--- WHAT IS BEING ASKED ---
Make an exact copy of the entries below and leave any picture out of it.

--- DATA TO USE ---

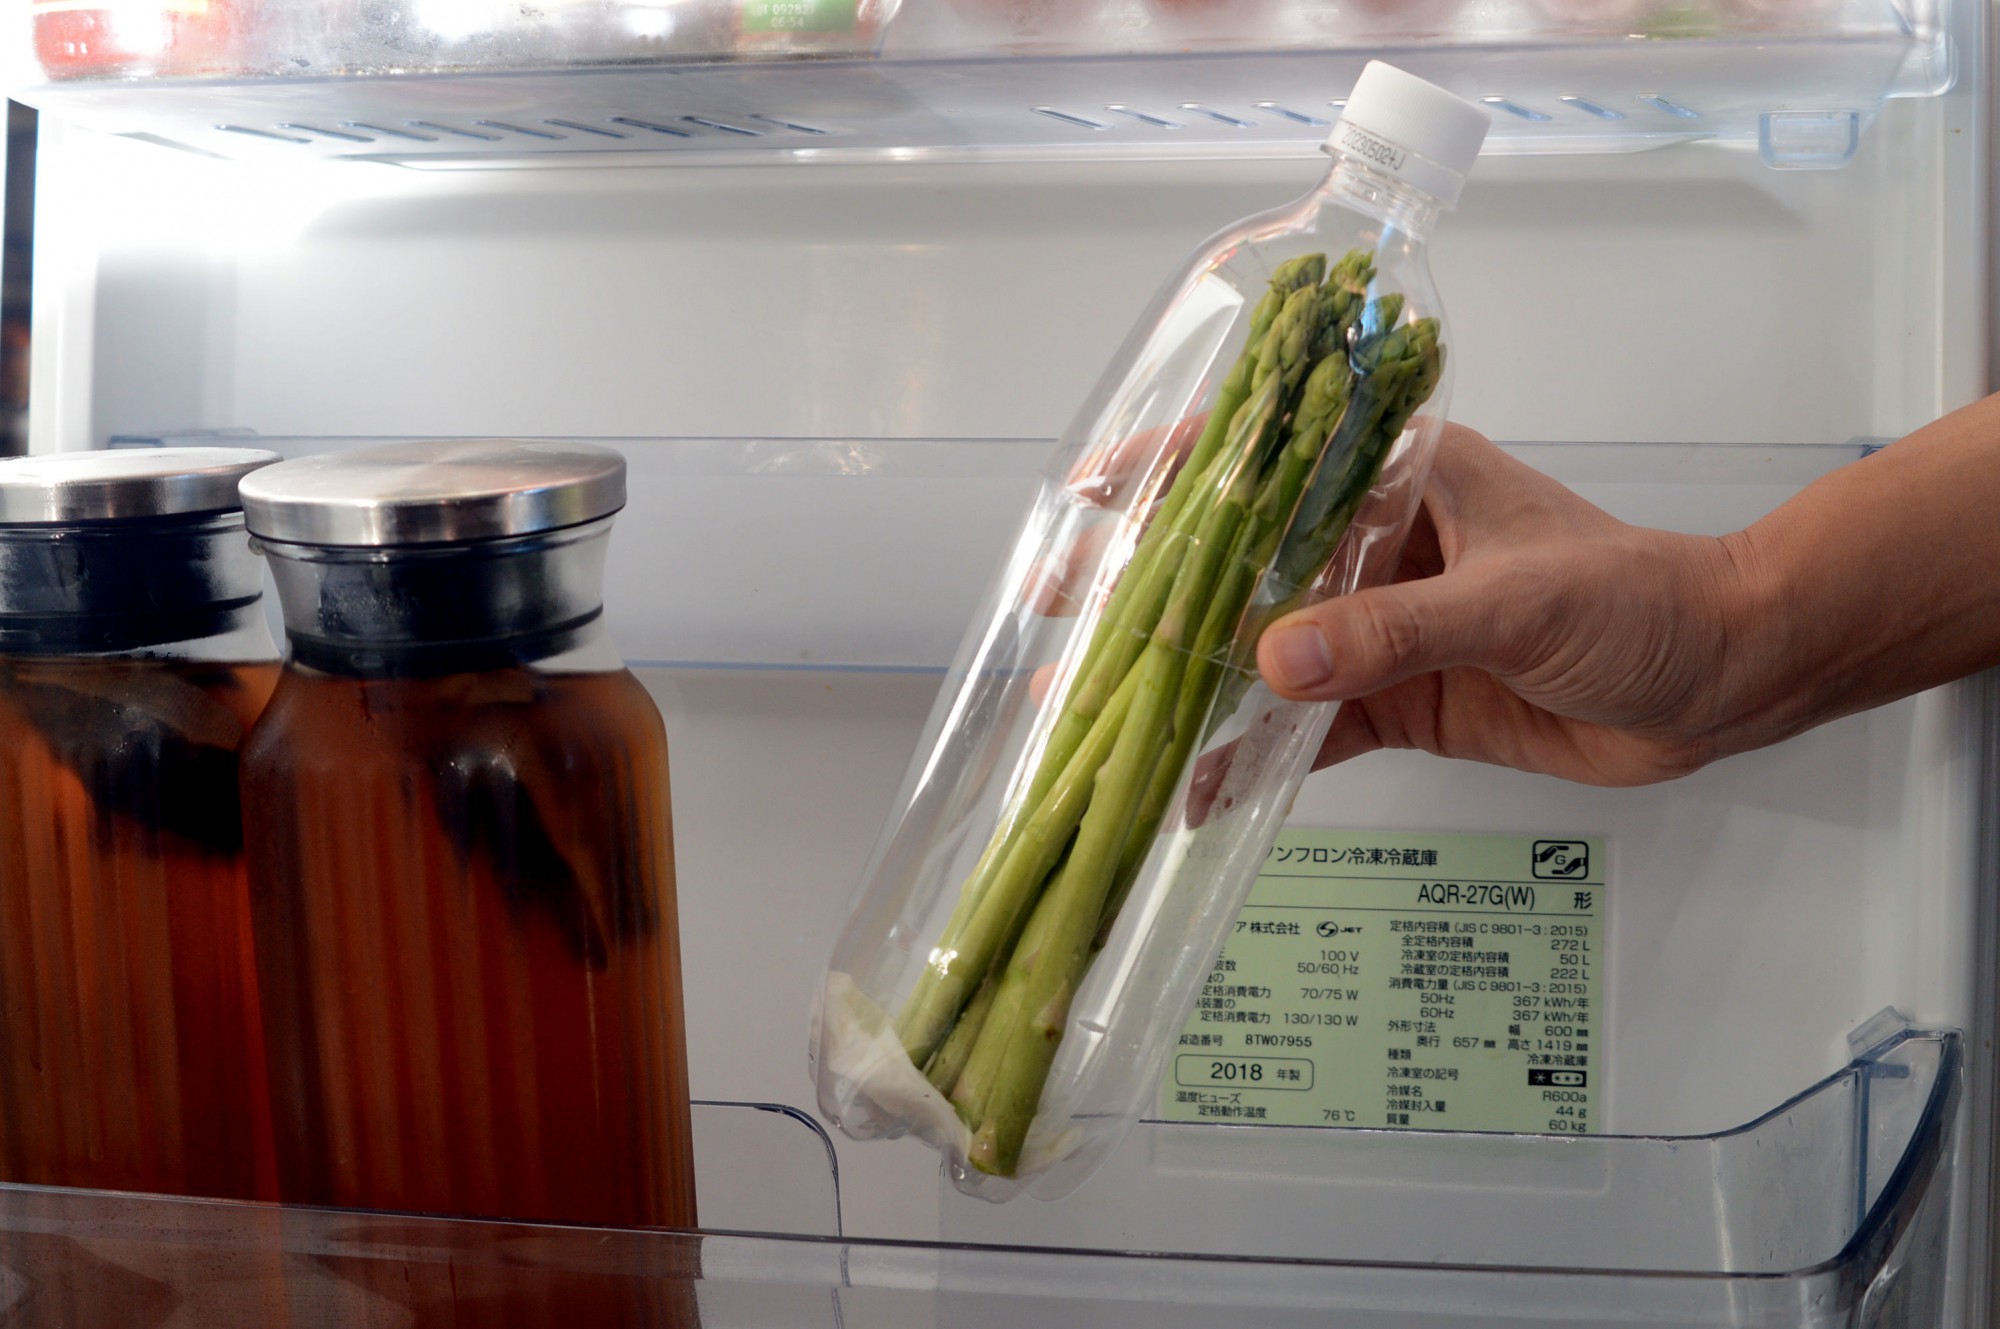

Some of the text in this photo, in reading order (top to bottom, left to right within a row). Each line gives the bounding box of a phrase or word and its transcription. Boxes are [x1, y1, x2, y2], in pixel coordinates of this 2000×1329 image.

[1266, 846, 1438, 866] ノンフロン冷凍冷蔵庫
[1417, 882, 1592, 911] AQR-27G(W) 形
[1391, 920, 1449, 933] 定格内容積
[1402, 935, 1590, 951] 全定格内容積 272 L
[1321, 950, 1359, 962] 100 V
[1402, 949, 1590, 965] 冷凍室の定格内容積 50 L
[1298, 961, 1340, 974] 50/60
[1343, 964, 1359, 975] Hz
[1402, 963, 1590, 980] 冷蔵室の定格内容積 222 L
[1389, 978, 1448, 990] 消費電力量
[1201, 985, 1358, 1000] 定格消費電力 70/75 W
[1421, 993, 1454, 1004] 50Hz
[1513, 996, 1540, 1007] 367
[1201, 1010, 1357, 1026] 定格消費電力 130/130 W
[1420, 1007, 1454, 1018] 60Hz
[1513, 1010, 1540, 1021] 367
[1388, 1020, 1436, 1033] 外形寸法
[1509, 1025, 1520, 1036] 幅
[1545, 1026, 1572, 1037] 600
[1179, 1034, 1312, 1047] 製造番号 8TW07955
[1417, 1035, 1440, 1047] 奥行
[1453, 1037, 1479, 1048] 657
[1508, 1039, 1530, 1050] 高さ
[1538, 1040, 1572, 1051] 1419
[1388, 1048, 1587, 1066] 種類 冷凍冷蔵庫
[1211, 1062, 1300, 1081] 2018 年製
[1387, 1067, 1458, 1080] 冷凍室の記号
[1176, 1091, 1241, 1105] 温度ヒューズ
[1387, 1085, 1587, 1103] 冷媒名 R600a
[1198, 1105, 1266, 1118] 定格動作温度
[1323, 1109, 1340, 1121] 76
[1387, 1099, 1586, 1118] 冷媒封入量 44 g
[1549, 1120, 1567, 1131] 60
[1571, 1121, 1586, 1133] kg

--- TASK RESULT ---
Some of the text in this photo, in reading order (top to bottom, left to right within a row). Each line gives the bounding box of a phrase or word and its transcription. Boxes are [x1, y1, x2, y2], in pixel coordinates of this 2000×1329 image.

[1266, 846, 1438, 866] ノンフロン冷凍冷蔵庫
[1417, 882, 1592, 911] AQR-27G(W) 形
[1391, 920, 1449, 933] 定格内容積
[1402, 935, 1590, 951] 全定格内容積 272 L
[1321, 950, 1359, 962] 100 V
[1402, 949, 1590, 965] 冷凍室の定格内容積 50 L
[1298, 961, 1340, 974] 50/60
[1343, 964, 1359, 975] Hz
[1402, 963, 1590, 980] 冷蔵室の定格内容積 222 L
[1389, 978, 1448, 990] 消費電力量
[1201, 985, 1358, 1000] 定格消費電力 70/75 W
[1421, 993, 1454, 1004] 50Hz
[1513, 996, 1540, 1007] 367
[1201, 1010, 1357, 1026] 定格消費電力 130/130 W
[1420, 1007, 1454, 1018] 60Hz
[1513, 1010, 1540, 1021] 367
[1388, 1020, 1436, 1033] 外形寸法
[1509, 1025, 1520, 1036] 幅
[1545, 1026, 1572, 1037] 600
[1179, 1034, 1312, 1047] 製造番号 8TW07955
[1417, 1035, 1440, 1047] 奥行
[1453, 1037, 1479, 1048] 657
[1508, 1039, 1530, 1050] 高さ
[1538, 1040, 1572, 1051] 1419
[1388, 1048, 1587, 1066] 種類 冷凍冷蔵庫
[1211, 1062, 1300, 1081] 2018 年製
[1387, 1067, 1458, 1080] 冷凍室の記号
[1176, 1091, 1241, 1105] 温度ヒューズ
[1387, 1085, 1587, 1103] 冷媒名 R600a
[1198, 1105, 1266, 1118] 定格動作温度
[1323, 1109, 1340, 1121] 76
[1387, 1099, 1586, 1118] 冷媒封入量 44 g
[1549, 1120, 1567, 1131] 60
[1571, 1121, 1586, 1133] kg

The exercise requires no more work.